Aortocaval fistula following stab injury

Karim Brohi

London, England



Case Presentation
A 30 year old man with a stab wound to the right flank initially presented to another hospital. Haemodynamically unstable on admission he was taken directly to the operating room for laparotomy at which timehe was found to have a liaceration to the liver and the inferior vena cava (IVC). The liver injury was not bleeding and the anterior wall of the IVC was repaired. The haaemorrhage was controlled and the abdomen left open to avoid abdominal compartment syndrome. The patient was transferred to a tertiary centre for on-going care. On arrival a CT scan was performed:





An aortocaval fistula was apparent - the IVC is disrupted and there are areas of enhancement with a similar density to that of the aorta. There was a large left sided retroperitoneal haematoma with active haemorrhage within its substance. An angiogram was performed which demonstrated the aortocaval fistula and active haemorrhage.

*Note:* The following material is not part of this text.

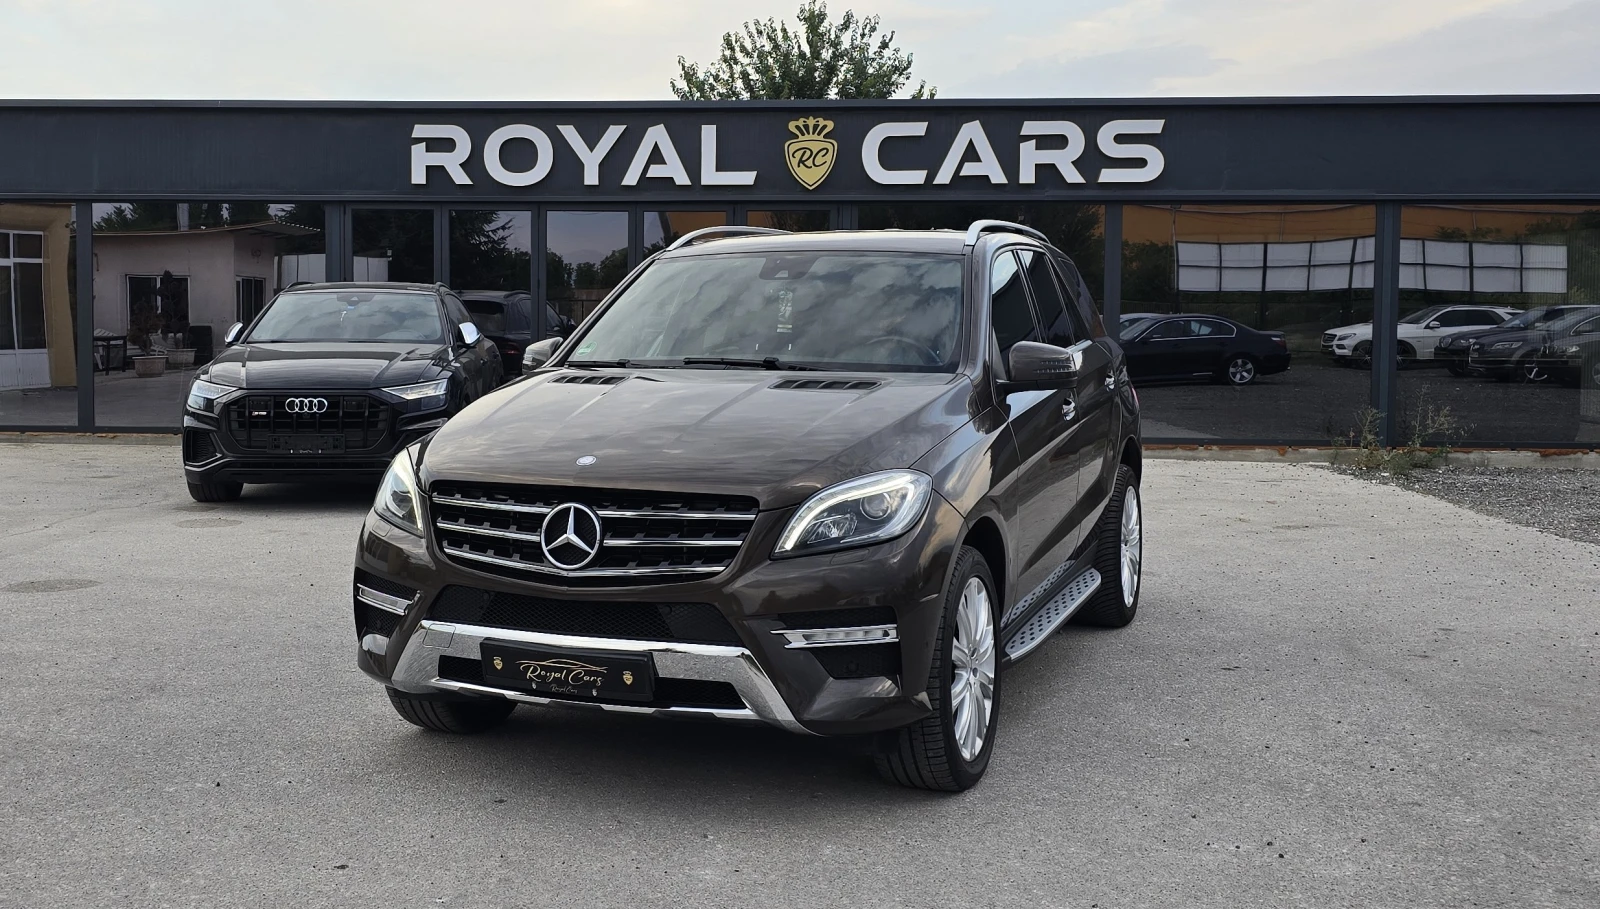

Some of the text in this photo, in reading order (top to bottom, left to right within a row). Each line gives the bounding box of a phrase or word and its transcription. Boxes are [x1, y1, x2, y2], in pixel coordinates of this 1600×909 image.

[410, 119, 1166, 187] ROYAL RC CARS
[520, 663, 604, 687] Royal Cars

The patient was taken back for a laparotomy. While the anterior wall of the IVC had been repaired there was also a large injury to the posterior IVC with laceration of the lumbar veins. The Posterior wall of the aorta was also disrupted with avulsion of two lumbar arteries. The aorta was controlled below the renals and the iliacs controlled distally. The IVC was exposed by completing a medial visceral rotation and controlled with direct pressure. There was significant bleeding from the lumbar veins. As a damage control procedure the IVC was ligated and the lumbar veins clipped. The posterior wall of the aorta was repaired and the lumbars transfixed. The abdomen was left open.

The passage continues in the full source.